This page is a documentary of my listening to them, no repeats, and taking notes. I won’t mention every single song. I might well say nothing of interest: we’ll see, shall we?

0001-0010: Too Much Booty

It occurs to me first of all that this is a sad, odd thing to do and will not read well.

It occurs to me second of all that Blur’s “He Thought Of Cars”, while quite cold and lilting and interesting, had its name changed by me to “!!!!!!!!!!!!!!!!!!!” for a reason. The reason being I had two copies of it on the drive and I was going to delete it.

The strangest tracks you find on the hard drive are the ones you can’t remember getting at all – at some point in some way I downloaded this finger-clicking track called “Just Like Romeo And Juliet” and I can’t remember why on earth I thought it was a good idea. Is it a good track? It’s a track: it sounds like it was made by somebody remembering the 50s one time.

The Carpenters have never really sent me like Abba send me – there’s a steeliness in Abba absent from the downy Carpenter music. “Close To You” at least has Bacharach going for it.

I think the first bit of disillusionment I’m going to suffer from is the idea listening to all this stuff might reveal a shape, rather than a couple of hundred tracks I’m thoroughly sick of.

Bobby Conn is a smug, wretched arse.

Luther Campbell is also in his way wretched, but “Face Down Ass Up” uses its cornball disco sample with such dumb glee that I end up liking it. It’s relentlessly sexist-stroke-sexually reductionist and on this computer speaker I can’t really use the monster-production excuse. But…dammit. Maybe I’m a sexist.

Here’s another booty bass track – maybe I can find out here. This one’s called “2 Much Booty (In Da Pants)” – I think it’s marvellous, if only because it’s disco which is aimed at your arse rather than your chemically-overdriven nervous system. Maybe I am a sexist. There’s certainly too much damned booty in my pants – apparently the gyms coin it in in January.

“You wrote a book about yourself / The people left it on the shelf” – hollow laughter all around. Time to phone Isabel.

0011 – 0027: Paranoia, Derrida And Yoghurt

Afghan Whigs’ “66” proof that you can be slick (rollin’ drums, practised seducer drool/drawl) and sweaty. “Are you waitin’ for my move? Well I’m makin’ it.”

96 Tears is boring misogyny as opposed to booty’s gleeful same – thugbeat trancerock moves now seem a bit pompous in their monotony.
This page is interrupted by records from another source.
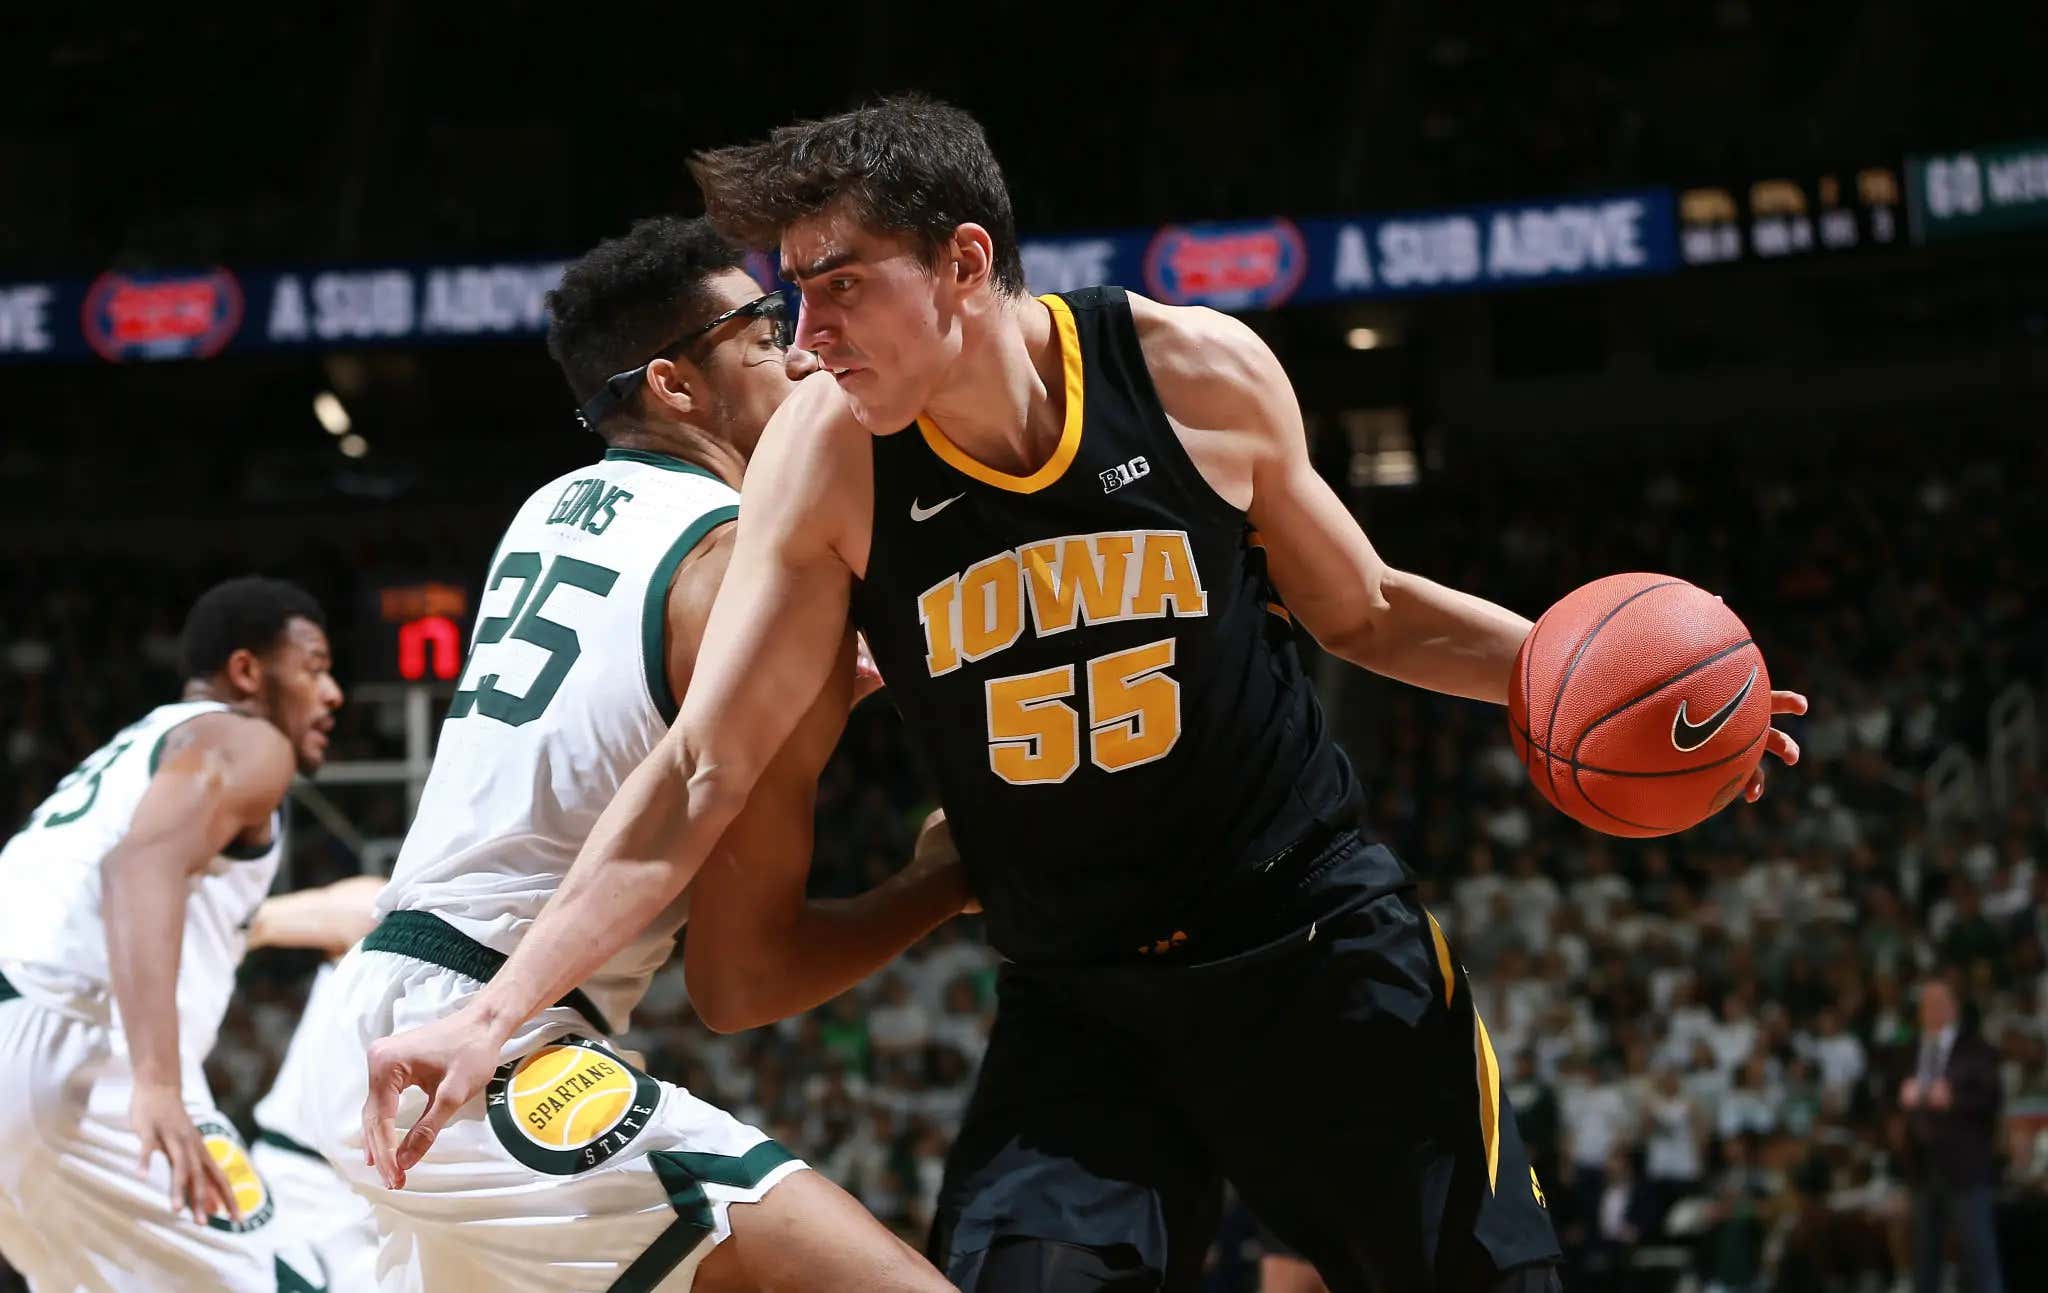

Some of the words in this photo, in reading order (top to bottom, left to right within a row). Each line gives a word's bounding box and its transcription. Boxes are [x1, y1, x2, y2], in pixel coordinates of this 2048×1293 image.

[1019, 241, 1113, 293] OVE
[1334, 225, 1373, 290] A
[1378, 215, 1479, 286] SUB
[1488, 200, 1645, 278] ABOVE
[269, 273, 307, 340] A
[312, 268, 414, 338] SUB
[545, 478, 634, 536] GOINS
[918, 529, 1208, 678] IOWA
[445, 552, 621, 728] 25
[984, 637, 1182, 785] 55
[528, 1061, 616, 1131] SPARTANS
[584, 1104, 652, 1166] STATE
Unpleasant memory of Stranglers cover may intrude.

Curious side-effect of this experiment will be not choosing songs to do exercise to. B & S’ “A Century Of Fakers” frankly inadequate.
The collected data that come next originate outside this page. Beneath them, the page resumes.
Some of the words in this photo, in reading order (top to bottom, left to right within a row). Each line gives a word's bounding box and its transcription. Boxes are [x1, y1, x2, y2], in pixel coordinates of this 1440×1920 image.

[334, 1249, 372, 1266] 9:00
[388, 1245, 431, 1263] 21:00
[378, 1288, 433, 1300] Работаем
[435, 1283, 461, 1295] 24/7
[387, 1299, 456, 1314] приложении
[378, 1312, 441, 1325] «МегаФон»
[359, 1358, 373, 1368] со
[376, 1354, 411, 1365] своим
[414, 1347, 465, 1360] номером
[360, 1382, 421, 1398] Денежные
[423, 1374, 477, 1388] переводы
THE SHERYL CROW ARGUMENT: Brief version – she’s good. Longer version – she’s good: snappy Springsteeny proper classic rock (touch of organ, lovely drawn-out vox), sympathetic lyrics (“junkie lo-fi pioneer”), a “What if the Pretenders were any cop?” boozy vibe to her. Damn me and my rock chick fantasies.
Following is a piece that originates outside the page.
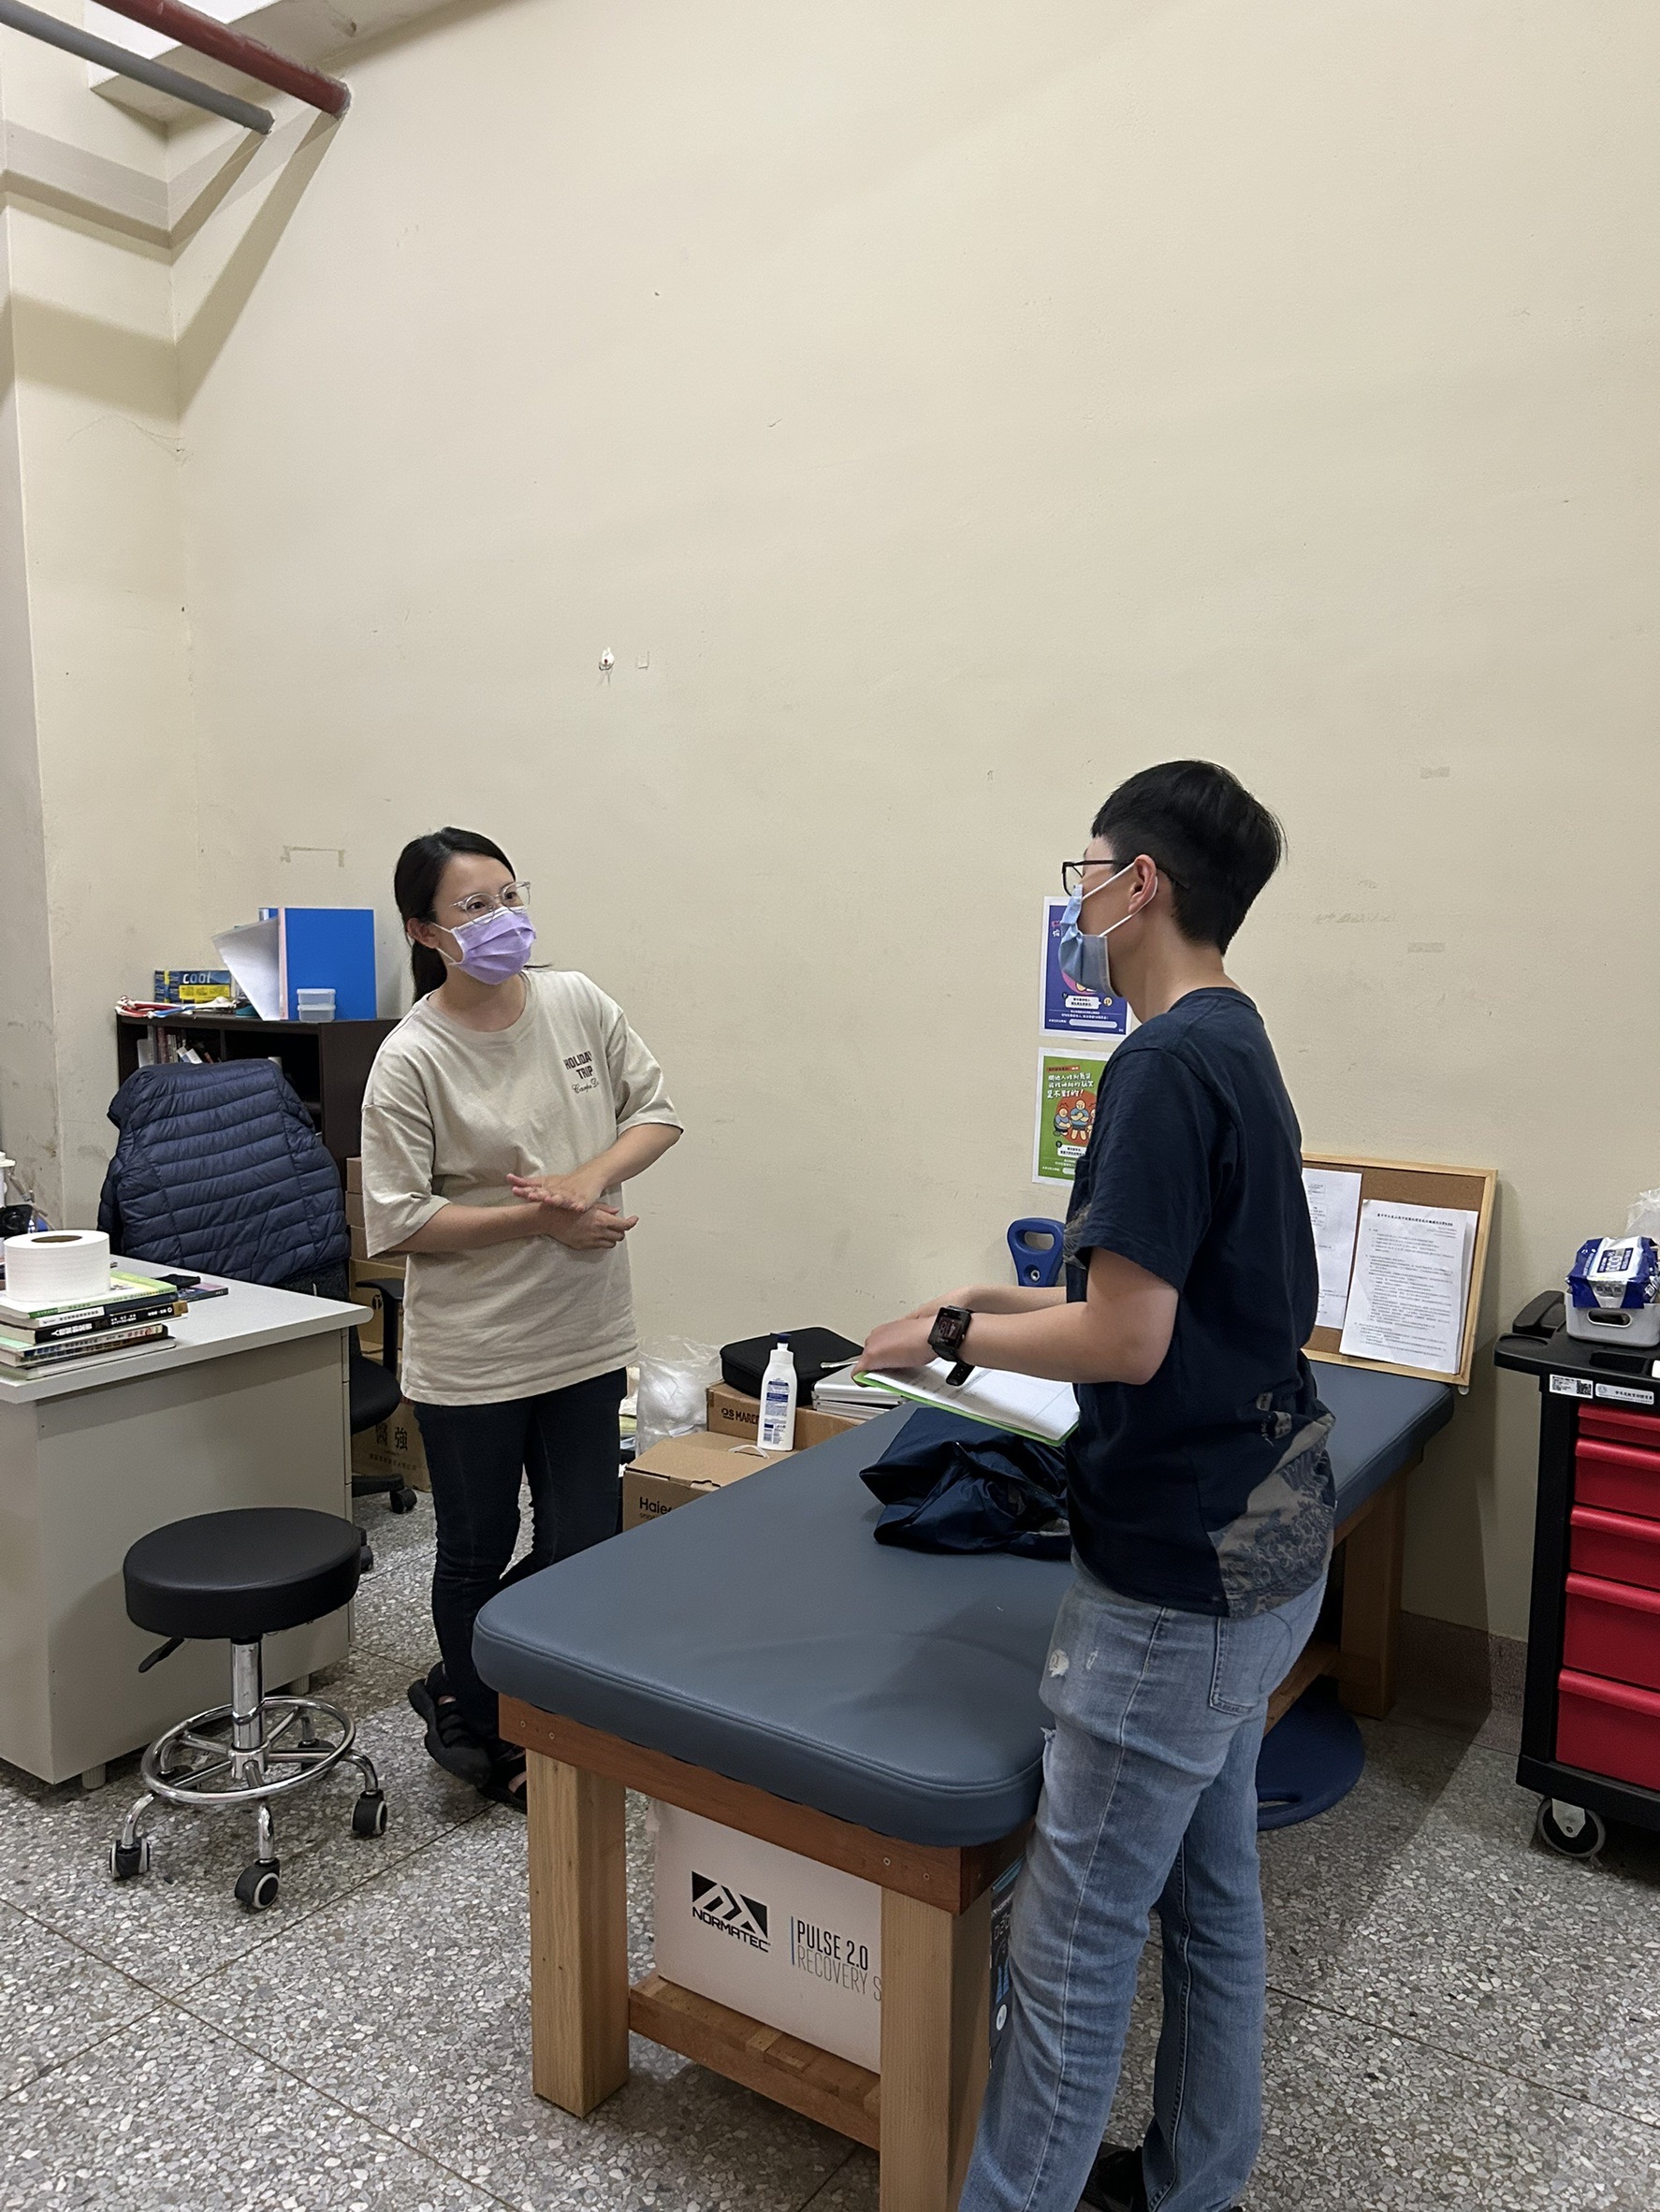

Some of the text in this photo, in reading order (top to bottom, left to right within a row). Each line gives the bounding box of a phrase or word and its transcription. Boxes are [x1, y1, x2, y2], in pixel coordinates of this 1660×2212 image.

[575, 1066, 592, 1079] TRIP
[692, 1906, 770, 1954] NORMATEC
[797, 1919, 869, 1972] PULSE 2.0
[797, 1943, 868, 1995] RECOVERY
Scritti’s “A Little Knowledge” – never get tired of writing about this. Disappointed boy makes synths fall like Japanese rain over his delicate mourning world, then he grabs a radio and squeezes it to his heart as if it can tell him what’s wrong, at least tell him in better language than he can matter right now. Their best ballad.

The word boy is appropriate in the abject/dejected lover – as in this song – because rejection unmans you. It’s inappropriate to use for a love/lust object or at least strongly suggests that the luster isn’t after a particularly adult relationship.

Compare ‘A Pretty Girl Is Like A Melody’ which seems astonishingly rudimentary next to Green’s sweet nothings (also very robust mind you), despite its ‘wit’. We really have come fantastically far in our ability to articulate heartstuff in pop, I think.

Carole King’s “A Road To Nowhere” – breakup as an act of Gothic heroism. Titanic. The faltering pianos on Wilco’s “A Shot In The Arm” sometimes sound like the saddest things in the world but they’re lost to a phone call from Isabel, trying to sort out a blind date.

When Fred first taped me “Are You That Somebody?” (Aaliyah) I couldn’t get past the crying kid – now, I thought, a crying kid used as a rhythmic device is really interesting but ‘interesting’ doesn’t often make great pop. Then that kind of ‘interesting’ started to just take over pop completely, and something – another Timbaland tune as it happened – suddenly flipped my switch, and now this two-year old track is like swimming in the liquid future, which just happens to taste like chocolate. Cheers to you Mr Solinger.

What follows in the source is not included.